Nick Batzdorf @ Sun May 07 said:


> What is the EWQLSO release trail fix? Sorry to re-hash old ground; I understand the issue with reverb and legato, but I don't know what the fix is.


Hi Nick, I think Thonex is refering to the EW 'fix' for the Ultra TKT Script not SIPS. Download the New UTKT and I think it's discussed in the readme file (although the User's Guide seems to no longer be included in the package). I'm going to update the UTKT again soon and I'll try to restore the complete package when I do.

God Bless,

Bob


----------



## Angel

no theo-site? no nilsliberg-Site?

What's wrong? OMG! THEY GOT YOU?


----------



## sbkp

*Re: Get your custom Kontakt 2 Scripts here*

They may be moving to new hosts. Their domain registrations don't appear to have changed lately (though my non-existent Swedish is a little rusty, so I'm not 100% sure about Nils).


----------



## David A

*Re: Get your custom Kontakt 2 Scripts here*

Whats wrong with the release trails in EW?

Dave A.


----------



## roon

*Re: Get your custom Kontakt 2 Scripts here*

thanks to all involved in making these scripts..
i haven't a clue how to use them yet.. but im going to have fun trying.
Thanks Big BOB


----------



## TheoKrueger

*Re: Get your custom Kontakt 2 Scripts here*

Hi all,

The Kontakt scripts page is online again:

http://www.theodorkrueger.com/kontakt.htm


cheers,
Theo.


----------



## brainditch

*Re: Get your custom Kontakt 2 Scripts here*

Thanks so much for your reposting / relinking of all those very helpful scripts. Being a noob to the world of Kontakt I will be absorbing all I can of these.

I can already see great uses for many of these principles.
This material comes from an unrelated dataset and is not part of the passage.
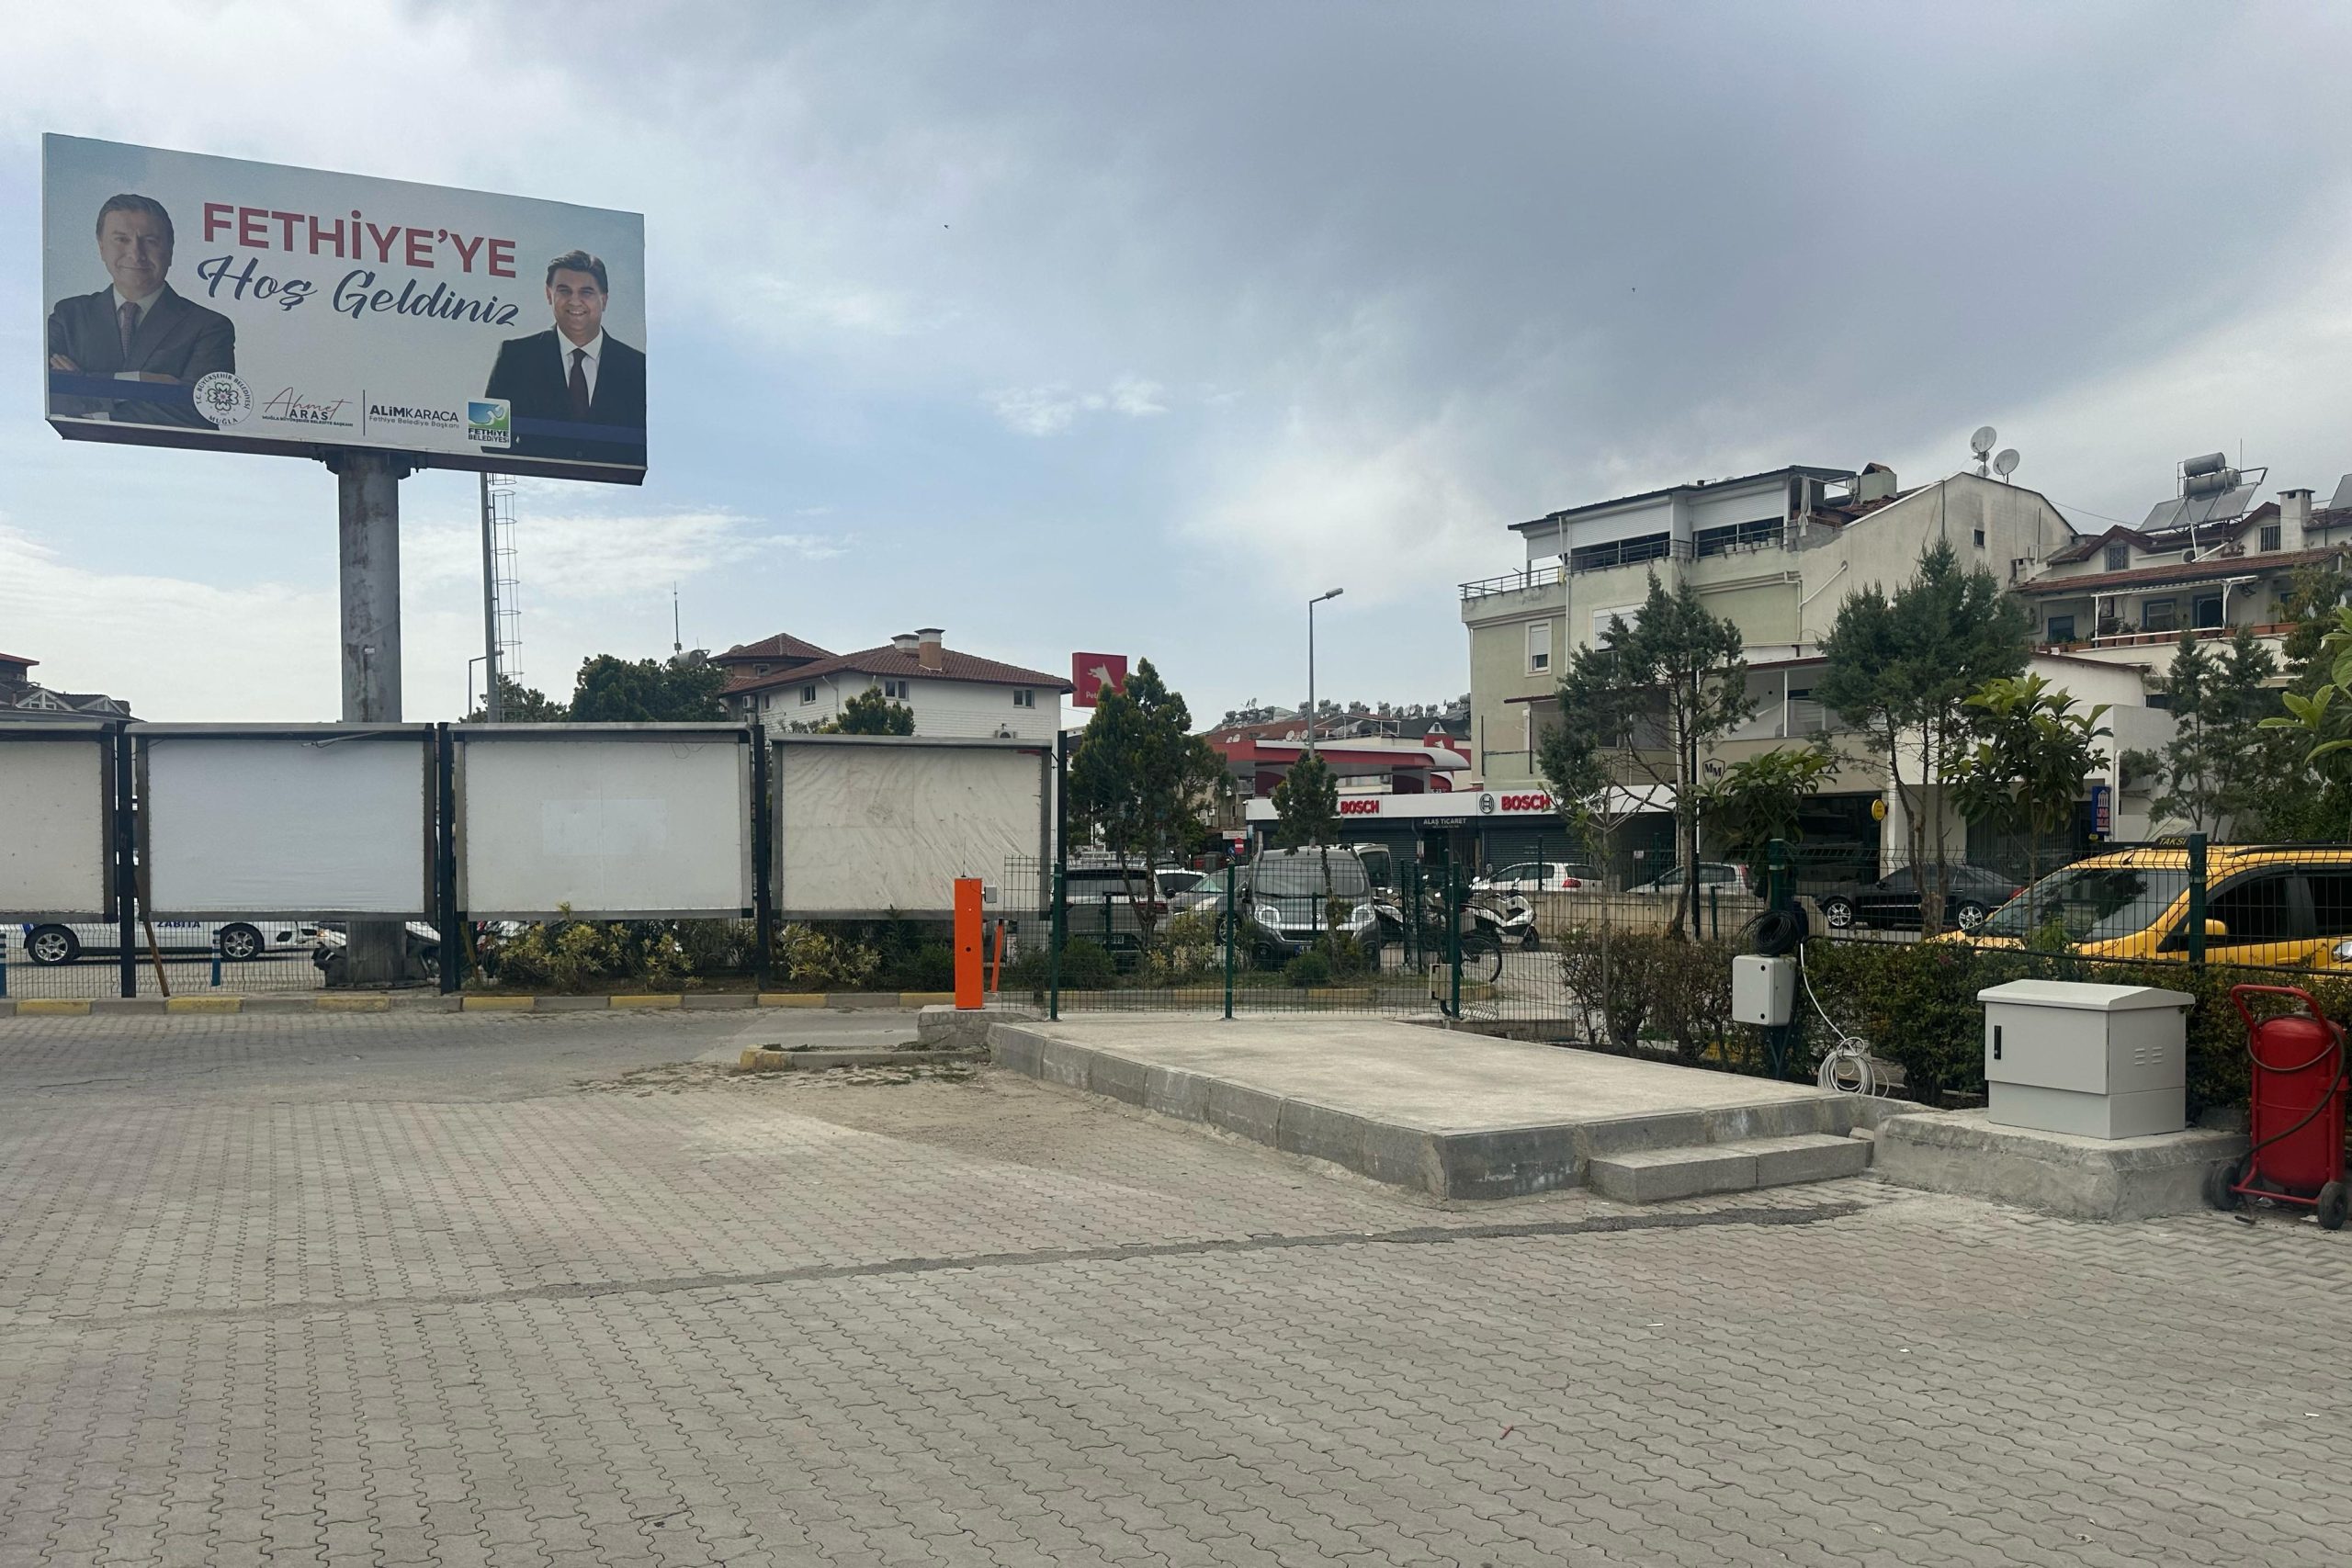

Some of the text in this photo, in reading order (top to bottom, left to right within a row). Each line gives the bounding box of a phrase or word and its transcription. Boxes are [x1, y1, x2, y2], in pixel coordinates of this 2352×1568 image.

By shear coincidence, I may have utilized one of the techniques (part of the TKT -repitching by small amounts a snare drum sound to help prevent machine-gun effect) back in the '90's when using an Alesis HR-16 drum machine.

Since there are so many efforts to emulate instruments using ever-expanding libraries, how often are the inclusion of noises / playing "mistakes" as sampled entities being utilized by V.I. composers? 

Also, have many scripts been written which allow for other MIDI controller #'s (or other techniques) to be employed to utilize these noises / "mistakes" to enhance realism without compromising the need for "both hands on the wheel" playing styles?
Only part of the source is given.